Diversity: Why it matters
Ariel Harris was a high school student in Spring, Texas, when she met a college recruiter promoting a rigorous learning style that stood out to her. It was Cornell’s One Course At A Time, and its single-subject immersion seemed just the right fit for her learning style.
A visit to campus sealed the deal.
“I loved the campus. Mount Vernon is just a pleasant atmosphere, especially in spring and fall.” The season in between? “That’s something I’ll never get used to,” she said, laughing.
As an African-American woman from the South, Harris’ leap into life at Cornell has been not unlike a tour of seasons: hot, cold, blustery, balmy. There’s her accent. “I’m still learning to deal with people who don’t understand me,” she said, “but that’s life.”
There’s less ethnic food than she’s used to. There are classes she’s loved, infused with thought-provoking multicultural lessons. And there have been classes for which she looked forward to sharing her unique cultural perspective, but race was only briefly discussed
As Cornell’s student population reaches record levels in diversity, cultural assumptions are being pondered daily, a process that is fundamental to a liberal arts education.
“Diversity promotes critical thinking,” said Tori Barnes-Brus ’97, an assistant professor in Cornell’s department of sociology and anthropology. “We expand our knowledge base when presented with differing viewpoints, or with accounts of different experiences, whether by students or faculty who are different, or by course materials that investigate diversity, inequality, and power. This allows us to understand things from multiple viewpoints, to weigh decisions based on experiences and situations that might differ from our own.”
The value of these lessons has not been lost on Harris. In her journey through Cornell she’s encountered ignorance and apathy, but also empathy and enlightenment. “I would not trade this experience for the world. Because of it, I’m a totally different person,” said the senior.

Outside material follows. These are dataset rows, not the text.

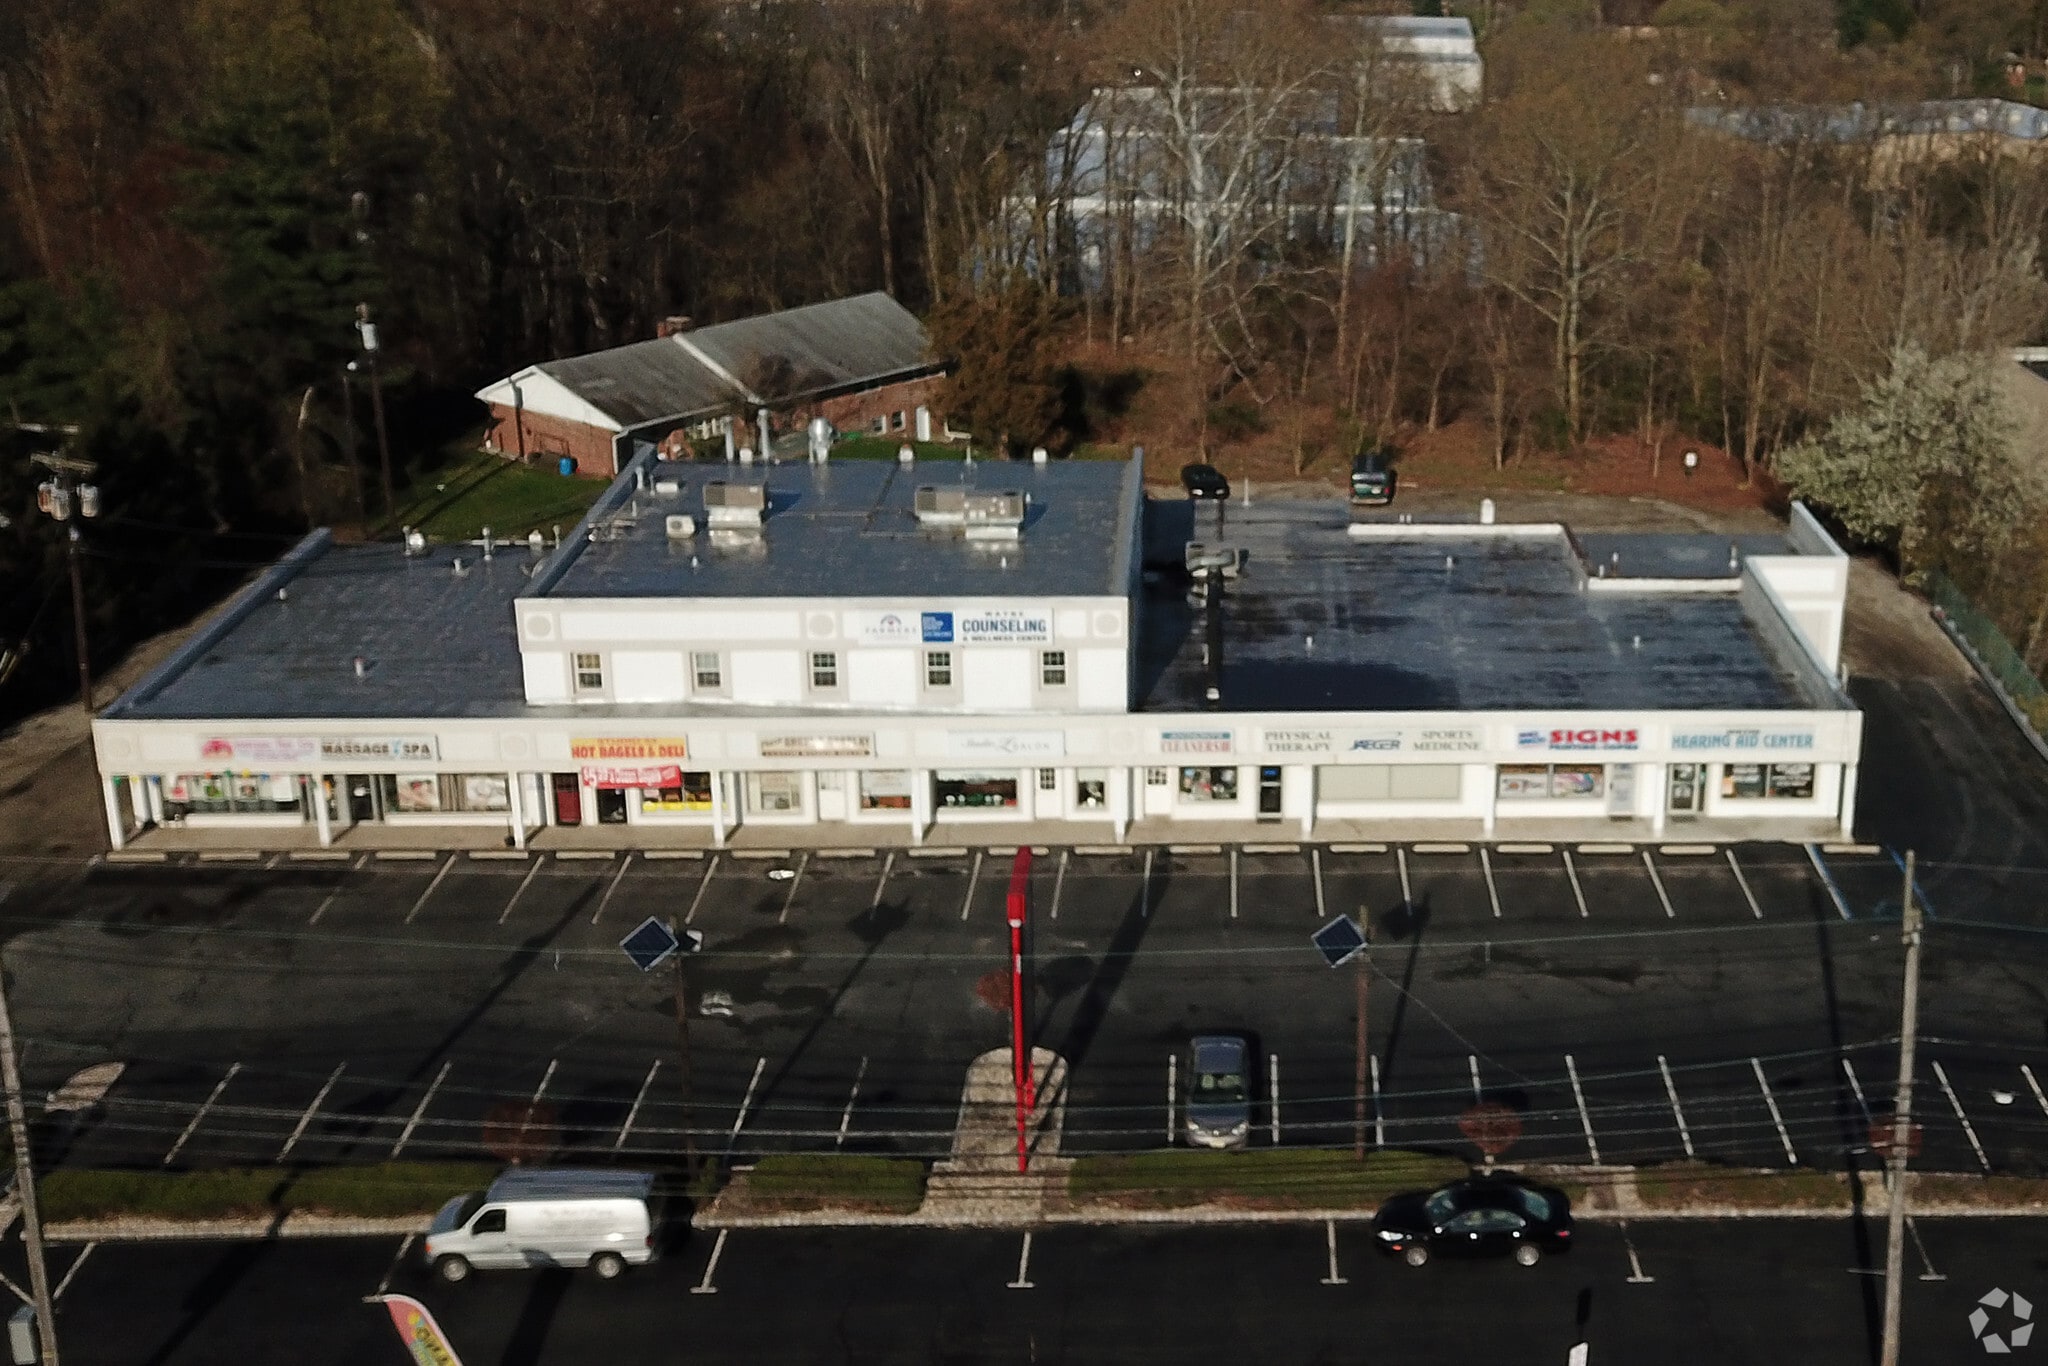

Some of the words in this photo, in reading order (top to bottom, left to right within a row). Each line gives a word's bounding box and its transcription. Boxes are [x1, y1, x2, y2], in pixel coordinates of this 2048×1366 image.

[962, 619, 1047, 632] COUNSELING
[1265, 731, 1332, 741] PHYSICAL
[1422, 731, 1473, 739] SPORTS
[1550, 730, 1638, 743] SIGNS
[1268, 742, 1331, 751] THERAPY
[1414, 742, 1481, 751] MEDICINE
[1671, 735, 1731, 748] HEARING
[1735, 735, 1759, 748] AID
[1763, 735, 1814, 748] CENTER
[321, 744, 389, 754] MASSAGE
[402, 744, 431, 754] SPA
[571, 746, 596, 758] HOT
[599, 746, 645, 758] BAGELS
[658, 745, 685, 757] DELI

That transformation goes two ways these days. Because of students like Harris, Cornell’s student population is a melting pot with a medley of accents, international languages, life experiences, and wholly unique perspectives.
Record diversity
This fall Cornell welcomed its most diverse class ever—about 25 percent students of color, including 6 percent from around the world, according to Jonathan Stroud, vice president for enrollment and dean of admission.

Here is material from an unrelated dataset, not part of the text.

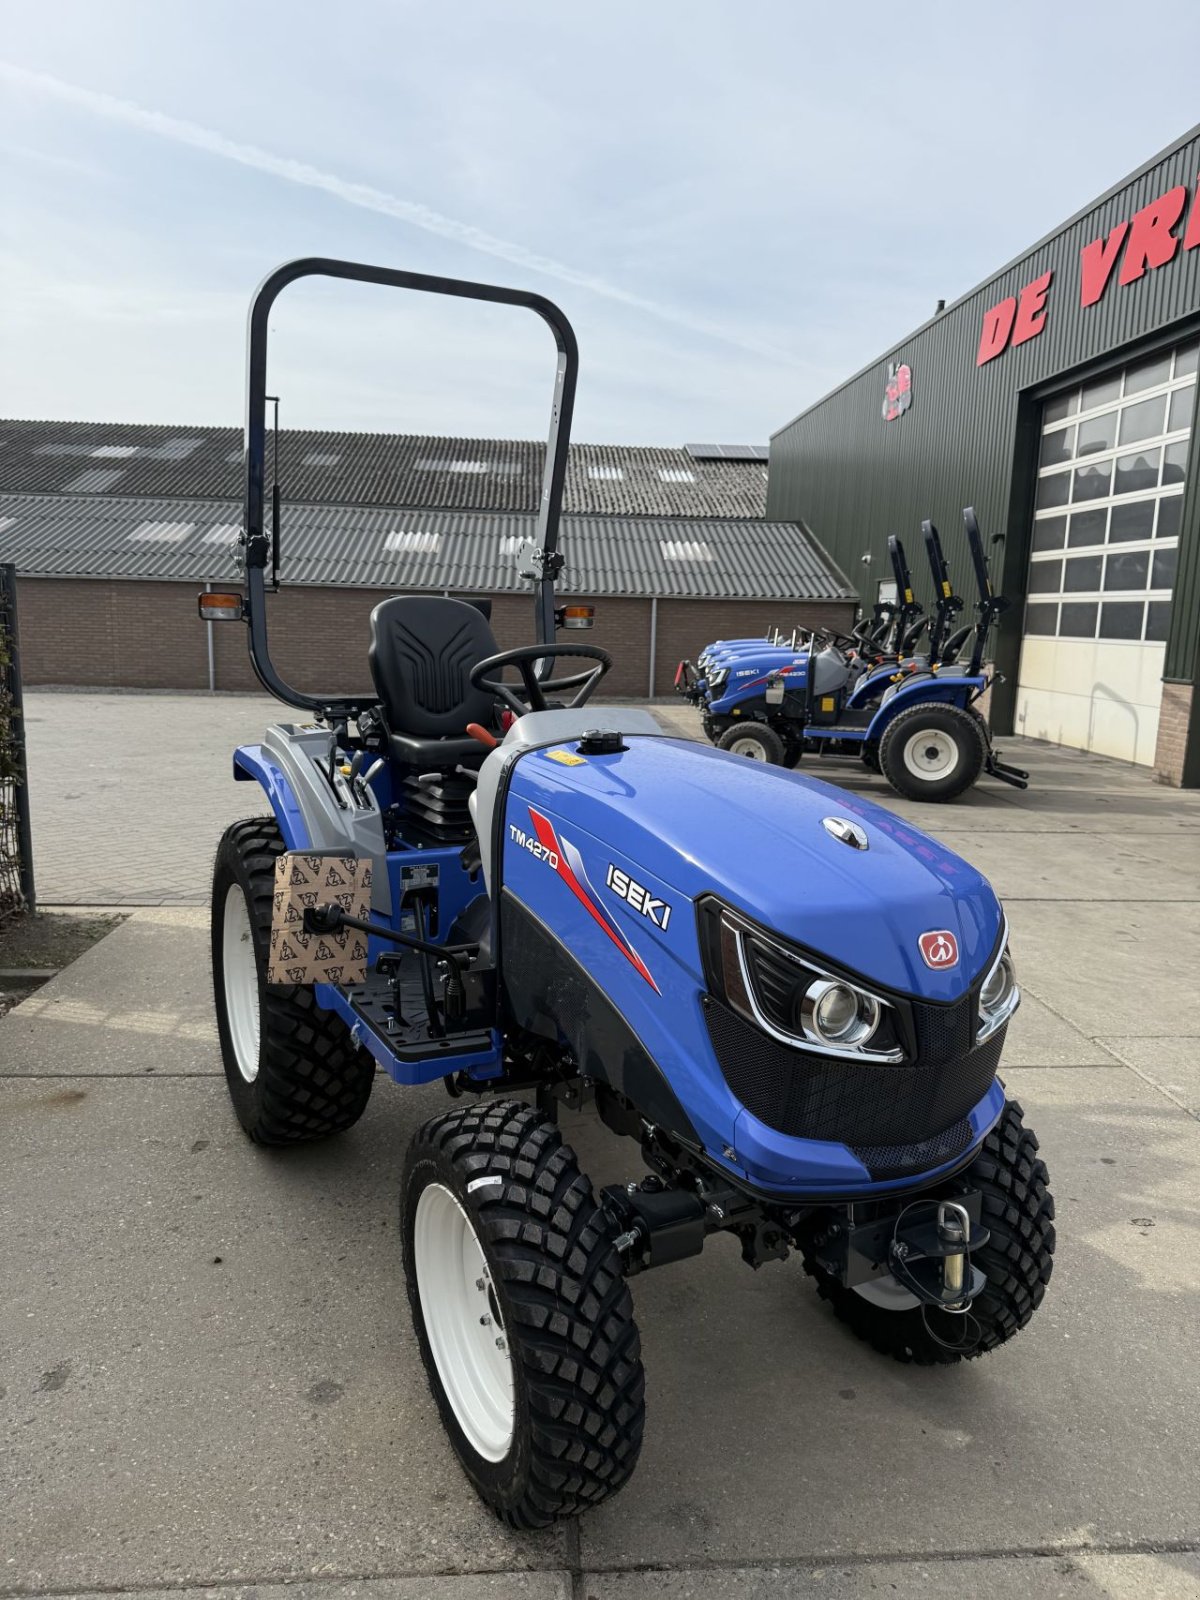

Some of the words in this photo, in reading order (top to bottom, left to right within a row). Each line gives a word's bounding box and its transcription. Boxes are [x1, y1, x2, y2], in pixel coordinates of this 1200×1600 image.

[976, 270, 1053, 367] DE
[736, 669, 759, 677] ISEKI
[509, 824, 559, 870] TM4270
[605, 862, 672, 932] ISEKI

The college’s entire student population represents 47 states and includes 19 percent U.S. students of color, as well as 6 percent international students from 15 countries.

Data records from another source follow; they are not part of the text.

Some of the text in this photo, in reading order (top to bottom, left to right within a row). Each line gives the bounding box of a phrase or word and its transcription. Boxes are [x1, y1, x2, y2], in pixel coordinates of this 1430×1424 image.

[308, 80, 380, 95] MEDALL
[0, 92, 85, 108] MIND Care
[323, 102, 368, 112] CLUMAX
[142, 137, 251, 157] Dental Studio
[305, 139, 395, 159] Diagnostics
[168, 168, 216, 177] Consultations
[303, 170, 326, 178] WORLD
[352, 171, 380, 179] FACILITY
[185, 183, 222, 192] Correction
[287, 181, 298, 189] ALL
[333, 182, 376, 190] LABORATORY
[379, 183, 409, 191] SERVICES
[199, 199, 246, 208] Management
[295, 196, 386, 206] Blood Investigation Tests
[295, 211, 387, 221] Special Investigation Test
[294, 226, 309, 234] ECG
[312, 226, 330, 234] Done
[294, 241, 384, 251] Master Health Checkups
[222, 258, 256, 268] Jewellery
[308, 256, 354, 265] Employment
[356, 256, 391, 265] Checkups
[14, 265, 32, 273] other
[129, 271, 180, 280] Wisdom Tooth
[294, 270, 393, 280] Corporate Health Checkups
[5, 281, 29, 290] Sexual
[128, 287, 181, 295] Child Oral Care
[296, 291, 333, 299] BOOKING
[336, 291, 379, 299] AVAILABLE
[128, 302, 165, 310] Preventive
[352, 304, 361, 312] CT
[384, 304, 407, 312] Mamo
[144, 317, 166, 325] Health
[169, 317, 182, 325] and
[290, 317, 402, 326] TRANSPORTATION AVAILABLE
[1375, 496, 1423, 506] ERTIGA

Cornell’s numbers are comparable to the 2010 U.S. Census national average of 72.4 percent white, and much more diverse than Iowa’s 2010 Census average of 91.3 percent white. Compare this to 2002. Then, Cornell’s diversity stood at 6 to 7 percent students of color, with a 1 percent international student population.
“That was too homogenous,” Stroud said. “We wanted to reflect the national population.”
To cast a still-selective but much wider net, Cornell teamed up with organizations like the Schuler Scholar Program. The organization, based in Lake Forest, Ill., helps under-resourced and high potential students—most first-generation college bound—prep for college academically and financially.
“It’s important because our graduates go into a world that is vastly different from even a few years ago,” said Joe Dieker, dean of the college. “We’re an increasingly diverse country and this country is playing an increasing role in the global community. That seems to be our future and we have to prepare our students for that future.”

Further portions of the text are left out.